- _Task to complete_
All entries below are to be copied precisely as they appear.

- _Supplied entries_
/---
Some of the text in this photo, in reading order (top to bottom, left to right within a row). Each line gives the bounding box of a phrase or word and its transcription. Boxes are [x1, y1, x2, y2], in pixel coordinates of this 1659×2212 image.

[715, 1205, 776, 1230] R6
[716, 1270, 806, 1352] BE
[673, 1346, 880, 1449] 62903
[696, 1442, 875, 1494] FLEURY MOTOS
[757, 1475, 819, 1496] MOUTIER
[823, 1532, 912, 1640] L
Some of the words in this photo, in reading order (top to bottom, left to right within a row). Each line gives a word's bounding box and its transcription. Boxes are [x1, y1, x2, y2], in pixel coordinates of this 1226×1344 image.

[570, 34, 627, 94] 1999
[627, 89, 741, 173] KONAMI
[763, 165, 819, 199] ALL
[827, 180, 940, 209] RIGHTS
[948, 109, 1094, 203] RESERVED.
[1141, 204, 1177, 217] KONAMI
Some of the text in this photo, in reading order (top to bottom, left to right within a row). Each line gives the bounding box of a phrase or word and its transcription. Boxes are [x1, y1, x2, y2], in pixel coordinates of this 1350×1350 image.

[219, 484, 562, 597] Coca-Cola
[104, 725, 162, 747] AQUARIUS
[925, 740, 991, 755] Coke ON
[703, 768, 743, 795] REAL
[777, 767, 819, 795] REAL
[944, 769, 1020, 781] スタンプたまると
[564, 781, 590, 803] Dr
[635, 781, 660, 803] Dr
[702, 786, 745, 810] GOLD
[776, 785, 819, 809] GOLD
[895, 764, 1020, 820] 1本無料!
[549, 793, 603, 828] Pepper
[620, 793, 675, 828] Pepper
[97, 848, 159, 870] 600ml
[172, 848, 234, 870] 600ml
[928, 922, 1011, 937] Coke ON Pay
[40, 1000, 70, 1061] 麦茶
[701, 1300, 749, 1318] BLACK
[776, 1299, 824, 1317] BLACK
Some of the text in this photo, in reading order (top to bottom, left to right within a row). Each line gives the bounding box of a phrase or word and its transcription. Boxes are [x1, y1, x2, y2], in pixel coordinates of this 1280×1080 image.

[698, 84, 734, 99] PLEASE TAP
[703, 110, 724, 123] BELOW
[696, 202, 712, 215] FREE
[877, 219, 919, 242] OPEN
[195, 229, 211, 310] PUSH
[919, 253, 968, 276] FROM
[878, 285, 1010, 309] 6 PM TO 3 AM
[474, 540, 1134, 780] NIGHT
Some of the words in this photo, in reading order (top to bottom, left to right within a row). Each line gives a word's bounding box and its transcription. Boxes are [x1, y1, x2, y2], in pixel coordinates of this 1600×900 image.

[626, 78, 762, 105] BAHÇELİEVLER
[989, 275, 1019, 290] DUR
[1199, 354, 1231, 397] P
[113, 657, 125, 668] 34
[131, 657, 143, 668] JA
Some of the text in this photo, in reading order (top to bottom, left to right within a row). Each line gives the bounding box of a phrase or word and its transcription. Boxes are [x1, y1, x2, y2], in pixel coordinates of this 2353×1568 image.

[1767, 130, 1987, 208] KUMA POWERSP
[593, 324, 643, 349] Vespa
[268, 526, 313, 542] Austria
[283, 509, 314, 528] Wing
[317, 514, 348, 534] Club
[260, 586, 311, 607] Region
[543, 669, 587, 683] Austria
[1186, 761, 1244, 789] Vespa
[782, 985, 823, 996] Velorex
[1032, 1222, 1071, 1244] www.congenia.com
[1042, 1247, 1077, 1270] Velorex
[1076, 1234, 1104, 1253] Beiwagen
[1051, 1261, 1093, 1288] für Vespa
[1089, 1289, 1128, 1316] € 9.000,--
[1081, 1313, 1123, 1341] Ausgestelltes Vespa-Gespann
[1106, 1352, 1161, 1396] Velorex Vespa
\---
- _Reply to the task_
Some of the text in this photo, in reading order (top to bottom, left to right within a row). Each line gives the bounding box of a phrase or word and its transcription. Boxes are [x1, y1, x2, y2], in pixel coordinates of this 1659×2212 image.

[715, 1205, 776, 1230] R6
[716, 1270, 806, 1352] BE
[673, 1346, 880, 1449] 62903
[696, 1442, 875, 1494] FLEURY MOTOS
[757, 1475, 819, 1496] MOUTIER
[823, 1532, 912, 1640] L
Some of the words in this photo, in reading order (top to bottom, left to right within a row). Each line gives a word's bounding box and its transcription. Boxes are [x1, y1, x2, y2], in pixel coordinates of this 1226×1344 image.

[570, 34, 627, 94] 1999
[627, 89, 741, 173] KONAMI
[763, 165, 819, 199] ALL
[827, 180, 940, 209] RIGHTS
[948, 109, 1094, 203] RESERVED.
[1141, 204, 1177, 217] KONAMI
Some of the text in this photo, in reading order (top to bottom, left to right within a row). Each line gives the bounding box of a phrase or word and its transcription. Boxes are [x1, y1, x2, y2], in pixel coordinates of this 1350×1350 image.

[219, 484, 562, 597] Coca-Cola
[104, 725, 162, 747] AQUARIUS
[925, 740, 991, 755] Coke ON
[703, 768, 743, 795] REAL
[777, 767, 819, 795] REAL
[944, 769, 1020, 781] スタンプたまると
[564, 781, 590, 803] Dr
[635, 781, 660, 803] Dr
[702, 786, 745, 810] GOLD
[776, 785, 819, 809] GOLD
[895, 764, 1020, 820] 1本無料!
[549, 793, 603, 828] Pepper
[620, 793, 675, 828] Pepper
[97, 848, 159, 870] 600ml
[172, 848, 234, 870] 600ml
[928, 922, 1011, 937] Coke ON Pay
[40, 1000, 70, 1061] 麦茶
[701, 1300, 749, 1318] BLACK
[776, 1299, 824, 1317] BLACK
Some of the text in this photo, in reading order (top to bottom, left to right within a row). Each line gives the bounding box of a phrase or word and its transcription. Boxes are [x1, y1, x2, y2], in pixel coordinates of this 1280×1080 image.

[698, 84, 734, 99] PLEASE TAP
[703, 110, 724, 123] BELOW
[696, 202, 712, 215] FREE
[877, 219, 919, 242] OPEN
[195, 229, 211, 310] PUSH
[919, 253, 968, 276] FROM
[878, 285, 1010, 309] 6 PM TO 3 AM
[474, 540, 1134, 780] NIGHT
Some of the words in this photo, in reading order (top to bottom, left to right within a row). Each line gives a word's bounding box and its transcription. Boxes are [x1, y1, x2, y2], in pixel coordinates of this 1600×900 image.

[626, 78, 762, 105] BAHÇELİEVLER
[989, 275, 1019, 290] DUR
[1199, 354, 1231, 397] P
[113, 657, 125, 668] 34
[131, 657, 143, 668] JA
Some of the text in this photo, in reading order (top to bottom, left to right within a row). Each line gives the bounding box of a phrase or word and its transcription. Boxes are [x1, y1, x2, y2], in pixel coordinates of this 2353×1568 image.

[1767, 130, 1987, 208] KUMA POWERSP
[593, 324, 643, 349] Vespa
[268, 526, 313, 542] Austria
[283, 509, 314, 528] Wing
[317, 514, 348, 534] Club
[260, 586, 311, 607] Region
[543, 669, 587, 683] Austria
[1186, 761, 1244, 789] Vespa
[782, 985, 823, 996] Velorex
[1032, 1222, 1071, 1244] www.congenia.com
[1042, 1247, 1077, 1270] Velorex
[1076, 1234, 1104, 1253] Beiwagen
[1051, 1261, 1093, 1288] für Vespa
[1089, 1289, 1128, 1316] € 9.000,--
[1081, 1313, 1123, 1341] Ausgestelltes Vespa-Gespann
[1106, 1352, 1161, 1396] Velorex Vespa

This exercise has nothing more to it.